Tout était là. Mais les yeux fermés, ils ont vécu cette dernière journée d’été sans se douter qu’elle allait marquer la fin d’une époque… et la naissance d’une nouvelle ère. Il est temps de tourner la page sur une vision féérique de l’amour – mais biaisée – pour l’ancrer dans une nouvelle réalité loin du traditionnel « ils se marièrent et eurent beaucoup d’enfants ». La désillusion est totale.
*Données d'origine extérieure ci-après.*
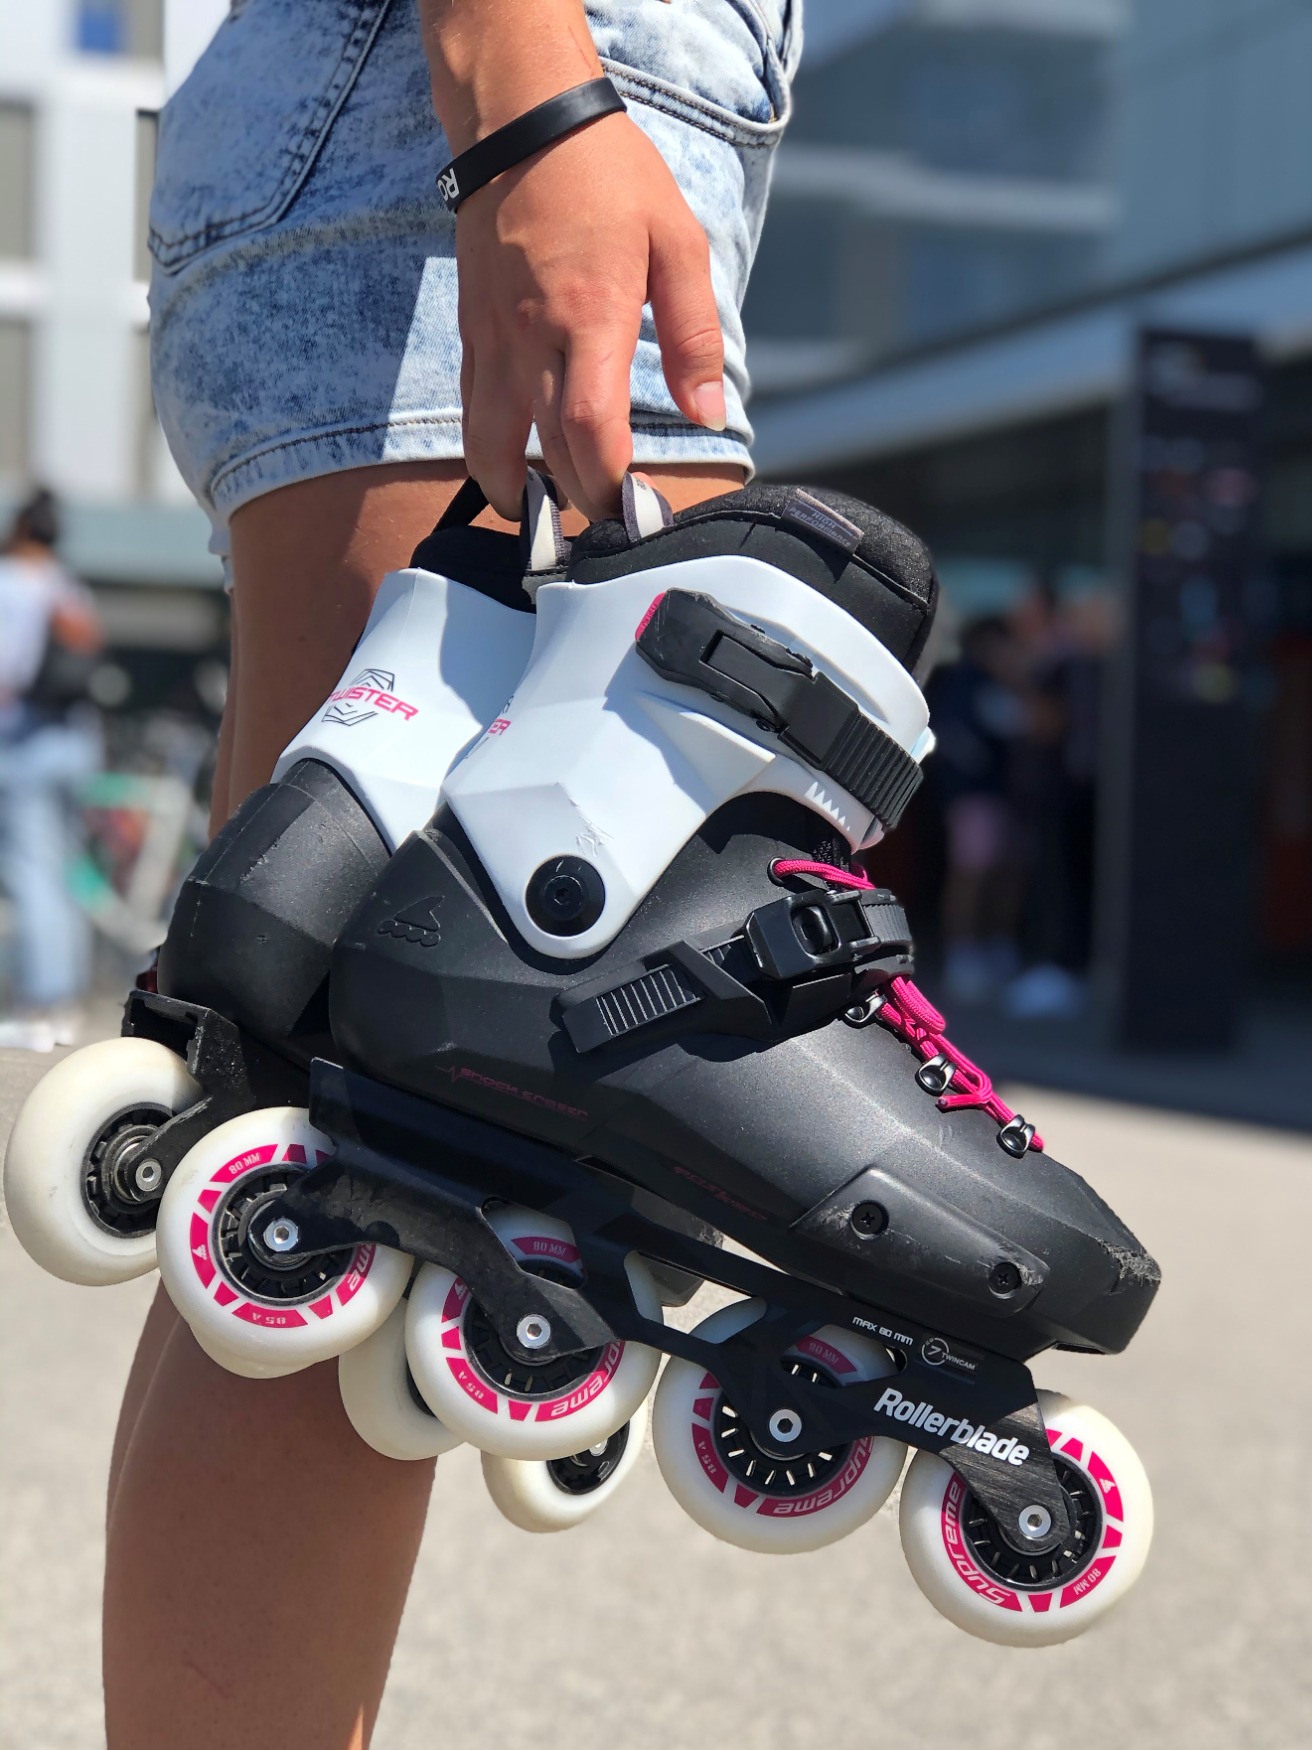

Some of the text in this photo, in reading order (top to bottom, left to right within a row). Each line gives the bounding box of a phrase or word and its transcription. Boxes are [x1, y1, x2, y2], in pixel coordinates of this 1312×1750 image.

La BD de Quentin Zuttion donne un nouveau souffle à l’amour

Au contraire de Appelez-moi Nathan, la BD Toutes les princesses meurent après minuit ne se focalise pas uniquement sur la découverte du genre et de la sexualité, mais puisque cela fait partie entière de la notion d’amour… on n’y échappera pas ! Au début de la bande dessinée, nous découvrons un petit garçon qui se met du rouge à lèvres en cachette dans la salle de bain. Ce petit garçon, c’est Lulu, le benjamin de la famille, qui refuse de quitter le monde de l’enfance, mais qui sent bien qu’il est différent des autres petits garçons de son âge « moi, en princesse, y’a toujours quelque chose qui cloche. Tout le monde le voit, même toi » sans pour autant réussir à mettre des mots sur ce qu’il ressent vraiment.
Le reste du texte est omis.